6. Concrete vocabulary was taught through demonstration, objects, and pictures; abstract
vocabulary was taught by association of ideas.
7. Both speech and listening comprehension were taught.
8. Correct pronunciation and grammar were emphasized.

The Direct Method was quite successful in private language schools … but despite pressure from
proponents of the method, it was difficult to implement in public secondary school education. It
overemphasized and distorted the similarities between naturalistic first language learning and
classroom foreign language learning and failed to consider the practical realities of the classroom.
In addition it lacked a rigorous basis in applied linguistic theory… It was largely dependent on the
teacher’s skill, rather than on a textbook, and not all teachers were proficient enough in the
foreign language to adhere to the principles of the method. Critics pointed out that strict
adherence to Direct Method principles was often counterproductive, since teachers were required
to go to great lengths to avoid using the native tongue, when sometimes a simple brief
explanation in the student’s native tongue would have been a more efficient route to
comprehension.

Sweet and other applied linguistics argued for the development of sound methodological
principles that could serve as the basis for teaching techniques. In the 1920s and 1930s applied
linguistics systematized the principles proposed earlier by the Reform Movement and so laid the
foundations for what developed into the British approach to teaching English as a foreign
language. Subsequent developments led to Audiolingualism in the United States and the Oral
Approach or Situational Language Teaching in Britain.

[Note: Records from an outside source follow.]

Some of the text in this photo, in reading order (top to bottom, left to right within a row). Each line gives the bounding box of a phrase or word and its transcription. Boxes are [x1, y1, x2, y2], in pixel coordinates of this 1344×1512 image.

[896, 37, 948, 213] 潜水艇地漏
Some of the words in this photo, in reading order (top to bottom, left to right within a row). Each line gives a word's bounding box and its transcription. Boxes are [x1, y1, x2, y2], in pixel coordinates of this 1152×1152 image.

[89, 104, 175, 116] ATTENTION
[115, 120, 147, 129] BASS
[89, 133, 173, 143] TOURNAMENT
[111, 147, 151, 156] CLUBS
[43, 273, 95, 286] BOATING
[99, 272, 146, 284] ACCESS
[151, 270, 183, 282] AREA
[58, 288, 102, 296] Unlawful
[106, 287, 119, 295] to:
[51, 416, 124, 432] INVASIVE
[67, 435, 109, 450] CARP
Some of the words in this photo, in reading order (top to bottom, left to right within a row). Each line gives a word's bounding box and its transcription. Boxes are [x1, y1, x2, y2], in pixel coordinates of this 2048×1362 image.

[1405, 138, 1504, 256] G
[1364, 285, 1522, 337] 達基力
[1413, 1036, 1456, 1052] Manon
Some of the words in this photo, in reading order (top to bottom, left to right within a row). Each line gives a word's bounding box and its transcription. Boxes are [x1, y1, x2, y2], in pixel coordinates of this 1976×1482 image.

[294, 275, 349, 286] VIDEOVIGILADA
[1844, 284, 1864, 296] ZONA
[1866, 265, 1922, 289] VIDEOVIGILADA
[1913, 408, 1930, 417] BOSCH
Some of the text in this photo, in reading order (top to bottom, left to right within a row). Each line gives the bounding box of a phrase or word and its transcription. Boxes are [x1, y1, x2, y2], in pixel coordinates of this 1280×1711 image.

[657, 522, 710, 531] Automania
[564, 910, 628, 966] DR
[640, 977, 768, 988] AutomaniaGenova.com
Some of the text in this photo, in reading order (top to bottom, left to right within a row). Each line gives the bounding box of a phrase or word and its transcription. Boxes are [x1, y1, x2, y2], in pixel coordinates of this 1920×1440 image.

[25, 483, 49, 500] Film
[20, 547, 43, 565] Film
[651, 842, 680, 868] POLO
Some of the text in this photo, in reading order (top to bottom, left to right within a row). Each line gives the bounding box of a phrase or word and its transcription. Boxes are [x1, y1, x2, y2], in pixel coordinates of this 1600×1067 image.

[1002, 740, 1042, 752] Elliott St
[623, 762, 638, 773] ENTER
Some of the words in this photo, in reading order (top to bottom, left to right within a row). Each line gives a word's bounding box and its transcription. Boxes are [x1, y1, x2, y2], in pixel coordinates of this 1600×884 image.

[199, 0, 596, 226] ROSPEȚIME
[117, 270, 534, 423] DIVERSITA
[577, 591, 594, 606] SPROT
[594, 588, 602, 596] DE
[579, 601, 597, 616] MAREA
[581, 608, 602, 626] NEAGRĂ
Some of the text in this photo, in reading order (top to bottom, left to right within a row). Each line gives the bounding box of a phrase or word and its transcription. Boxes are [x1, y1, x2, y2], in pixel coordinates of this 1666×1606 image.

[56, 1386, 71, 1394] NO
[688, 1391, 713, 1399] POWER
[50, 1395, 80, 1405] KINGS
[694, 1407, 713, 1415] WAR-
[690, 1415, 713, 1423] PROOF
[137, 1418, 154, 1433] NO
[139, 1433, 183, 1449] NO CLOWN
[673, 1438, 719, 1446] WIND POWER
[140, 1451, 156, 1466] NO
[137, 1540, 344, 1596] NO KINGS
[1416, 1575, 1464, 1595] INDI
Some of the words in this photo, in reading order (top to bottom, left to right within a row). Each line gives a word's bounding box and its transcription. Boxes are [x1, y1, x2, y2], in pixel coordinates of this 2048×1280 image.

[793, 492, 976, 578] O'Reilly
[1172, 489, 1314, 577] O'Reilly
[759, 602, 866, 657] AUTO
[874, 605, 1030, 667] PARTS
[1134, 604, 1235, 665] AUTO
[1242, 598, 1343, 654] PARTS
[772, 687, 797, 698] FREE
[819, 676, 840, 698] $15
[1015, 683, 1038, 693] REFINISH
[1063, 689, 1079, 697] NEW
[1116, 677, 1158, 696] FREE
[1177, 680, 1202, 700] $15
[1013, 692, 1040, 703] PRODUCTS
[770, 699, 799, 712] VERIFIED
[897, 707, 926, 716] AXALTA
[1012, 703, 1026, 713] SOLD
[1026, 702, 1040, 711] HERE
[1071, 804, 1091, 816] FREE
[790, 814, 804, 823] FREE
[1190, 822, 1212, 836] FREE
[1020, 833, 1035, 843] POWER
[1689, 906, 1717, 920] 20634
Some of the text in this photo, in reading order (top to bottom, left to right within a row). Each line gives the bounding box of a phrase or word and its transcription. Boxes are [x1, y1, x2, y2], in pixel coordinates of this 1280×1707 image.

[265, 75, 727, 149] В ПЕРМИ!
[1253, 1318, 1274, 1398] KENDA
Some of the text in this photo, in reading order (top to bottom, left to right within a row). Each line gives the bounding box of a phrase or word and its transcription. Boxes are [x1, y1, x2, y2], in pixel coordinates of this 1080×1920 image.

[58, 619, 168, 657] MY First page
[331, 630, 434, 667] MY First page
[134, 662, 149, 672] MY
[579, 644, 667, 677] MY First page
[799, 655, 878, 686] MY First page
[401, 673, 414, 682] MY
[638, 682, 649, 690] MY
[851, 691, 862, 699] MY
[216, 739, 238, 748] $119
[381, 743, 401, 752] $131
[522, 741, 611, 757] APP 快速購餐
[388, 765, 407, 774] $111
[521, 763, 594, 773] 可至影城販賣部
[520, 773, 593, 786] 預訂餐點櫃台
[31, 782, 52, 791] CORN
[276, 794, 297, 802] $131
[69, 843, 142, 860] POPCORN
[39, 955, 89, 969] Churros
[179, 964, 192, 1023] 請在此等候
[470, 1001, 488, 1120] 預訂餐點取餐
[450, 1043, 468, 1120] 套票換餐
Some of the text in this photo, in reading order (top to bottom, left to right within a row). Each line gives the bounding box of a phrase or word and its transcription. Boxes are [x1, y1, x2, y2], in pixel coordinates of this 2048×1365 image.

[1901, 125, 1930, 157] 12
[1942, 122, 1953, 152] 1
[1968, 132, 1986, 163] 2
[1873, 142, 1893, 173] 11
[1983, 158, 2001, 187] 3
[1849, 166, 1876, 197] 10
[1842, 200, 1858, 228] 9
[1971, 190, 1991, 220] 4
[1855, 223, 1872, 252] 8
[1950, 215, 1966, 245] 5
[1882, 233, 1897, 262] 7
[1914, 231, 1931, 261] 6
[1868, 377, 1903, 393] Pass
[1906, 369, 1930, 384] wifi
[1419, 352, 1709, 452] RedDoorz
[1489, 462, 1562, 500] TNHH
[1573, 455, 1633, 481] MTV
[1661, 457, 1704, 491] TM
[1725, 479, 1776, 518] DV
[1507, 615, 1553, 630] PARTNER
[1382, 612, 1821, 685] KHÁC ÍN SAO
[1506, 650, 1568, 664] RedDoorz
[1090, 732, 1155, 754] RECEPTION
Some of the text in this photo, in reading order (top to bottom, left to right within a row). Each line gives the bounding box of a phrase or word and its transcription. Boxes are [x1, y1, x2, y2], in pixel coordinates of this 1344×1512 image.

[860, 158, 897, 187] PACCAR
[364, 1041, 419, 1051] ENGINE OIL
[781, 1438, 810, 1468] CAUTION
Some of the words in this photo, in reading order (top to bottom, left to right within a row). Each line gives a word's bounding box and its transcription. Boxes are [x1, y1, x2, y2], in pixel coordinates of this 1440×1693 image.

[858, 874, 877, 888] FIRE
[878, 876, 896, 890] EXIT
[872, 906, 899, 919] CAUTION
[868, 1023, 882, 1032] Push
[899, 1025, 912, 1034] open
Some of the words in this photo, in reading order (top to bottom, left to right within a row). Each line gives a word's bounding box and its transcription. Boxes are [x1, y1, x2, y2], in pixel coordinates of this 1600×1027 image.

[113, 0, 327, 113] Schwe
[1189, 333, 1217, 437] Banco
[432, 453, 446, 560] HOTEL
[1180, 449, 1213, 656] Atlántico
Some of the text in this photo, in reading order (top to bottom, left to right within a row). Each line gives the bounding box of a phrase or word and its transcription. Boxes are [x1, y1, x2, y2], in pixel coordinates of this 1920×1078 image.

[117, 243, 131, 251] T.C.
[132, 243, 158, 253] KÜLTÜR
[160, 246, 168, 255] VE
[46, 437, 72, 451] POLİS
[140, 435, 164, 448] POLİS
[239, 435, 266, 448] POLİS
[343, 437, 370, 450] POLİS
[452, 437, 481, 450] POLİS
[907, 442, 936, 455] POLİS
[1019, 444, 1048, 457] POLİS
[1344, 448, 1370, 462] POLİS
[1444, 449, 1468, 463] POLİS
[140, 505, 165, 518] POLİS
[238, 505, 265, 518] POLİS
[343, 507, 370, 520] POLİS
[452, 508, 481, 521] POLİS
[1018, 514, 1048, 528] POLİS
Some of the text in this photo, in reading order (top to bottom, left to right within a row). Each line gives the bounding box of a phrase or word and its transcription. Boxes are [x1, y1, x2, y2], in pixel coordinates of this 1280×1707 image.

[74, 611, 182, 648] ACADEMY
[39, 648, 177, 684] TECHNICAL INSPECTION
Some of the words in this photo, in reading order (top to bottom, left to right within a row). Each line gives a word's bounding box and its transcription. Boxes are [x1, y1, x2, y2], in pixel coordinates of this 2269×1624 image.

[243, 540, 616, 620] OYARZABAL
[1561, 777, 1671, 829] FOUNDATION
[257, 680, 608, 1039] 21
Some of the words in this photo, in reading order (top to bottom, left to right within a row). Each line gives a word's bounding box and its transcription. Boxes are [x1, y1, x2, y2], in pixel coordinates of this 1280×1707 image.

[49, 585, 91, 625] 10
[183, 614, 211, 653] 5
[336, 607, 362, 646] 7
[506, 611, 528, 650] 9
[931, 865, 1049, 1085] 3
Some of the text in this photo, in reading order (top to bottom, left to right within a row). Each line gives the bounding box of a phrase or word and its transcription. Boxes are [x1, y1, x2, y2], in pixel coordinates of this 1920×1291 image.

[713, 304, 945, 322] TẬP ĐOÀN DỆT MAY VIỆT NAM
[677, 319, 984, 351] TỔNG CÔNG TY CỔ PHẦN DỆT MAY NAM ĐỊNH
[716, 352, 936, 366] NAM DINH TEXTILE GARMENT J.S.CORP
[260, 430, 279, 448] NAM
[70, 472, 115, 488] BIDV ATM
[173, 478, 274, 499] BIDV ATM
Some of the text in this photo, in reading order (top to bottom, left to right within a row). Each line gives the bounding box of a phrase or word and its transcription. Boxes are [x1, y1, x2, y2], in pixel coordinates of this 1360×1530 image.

Some of the questions that prompted innovations and new directions in language teaching in the
past:
1. What should the goals of language teaching be? Should a language course try to teach
conversational proficiency, reading, translation, or some other skill?
2. What is the basic nature of language, and how will this affect teaching methods?
3. What are the principles for the selection of language content in language teaching?
4. What principles of organization, sequencing, and presentation best facilitate learning?
5. What should the role of the native language be?
6. What processes do learners use in mastering a language, and can these be incorporated
into a method?
7. What teaching techniques and activities work best and under what circumstances?

CHAPTER 2: The nature of approaches and methods in language teaching.

Edward Anthony in 1963… identified three levels of conceptualization and organization, which he
termed approach, method, and technique.

“…techniques carry out a method which is consistent with an approach…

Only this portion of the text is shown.